Two chapters on yellow, “heliodor” beryl are suggestively juxtaposed: one, by Michael Wise, describes processes, natural and artificial, of color-inducement for heliodor, and the other, by Fersman Museum curator Dmitriy Belakovskiy, concerns the beautiful gemmy crystals which have come onto the market during the last ten years or so, presumably from a place called Zelatoya Vada, Tajikistan. Belakovskiy describes the history of his encounters with these mysterious deep yellow crystals—it is a history of puzzlement culminating in his unsuccessful attempt, during a visit to Tajikistan’s Pamir Mountains, to find the producing pegmatite. Reluctantly Belakovskiy concludes that something is very fishy indeed about “this material from a Tajiki locality with a Russian name that was being sold by nearly everyone except for dealers from Russia and Tajikistan”; he remarks, too, that the specimens showing prismatic crystals look, except for their color, exactly like Pakistani aquamarine, and that those showing tabular crystals on muscovite look, except for their color, exactly like “Ping Wu mine” (i.e. Xuebaoding Mountain) beryl specimens. Readers who, like this reviewer, have come to cherish their specimens of “Tajikistan heliodor” will feel saddened but grateful to this publication for its investigative reporting on this subject.
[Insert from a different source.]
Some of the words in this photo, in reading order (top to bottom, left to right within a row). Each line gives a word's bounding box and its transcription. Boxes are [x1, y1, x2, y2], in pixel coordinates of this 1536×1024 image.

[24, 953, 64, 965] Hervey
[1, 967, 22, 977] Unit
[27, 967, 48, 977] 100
The ExtraLapis concludes with two chapters as independently interesting as they are dramatically unrelated: one on grading and pricing gem beryl (John Bradshaw), the other on the chemistry and uses of the element beryllium (Lee Van Iderstine and Michael Huber). As usual, the very final pages are devoted to a communal bibliography for all articles (138 titles this time!), a list of authors’ addresses, and five commercial ads.
As with the other six entries in the English ExtraLapis series, this new edition is glossy and beautiful, with plenty of interesting and authoritative content for the mineral collector. Who could ask for more?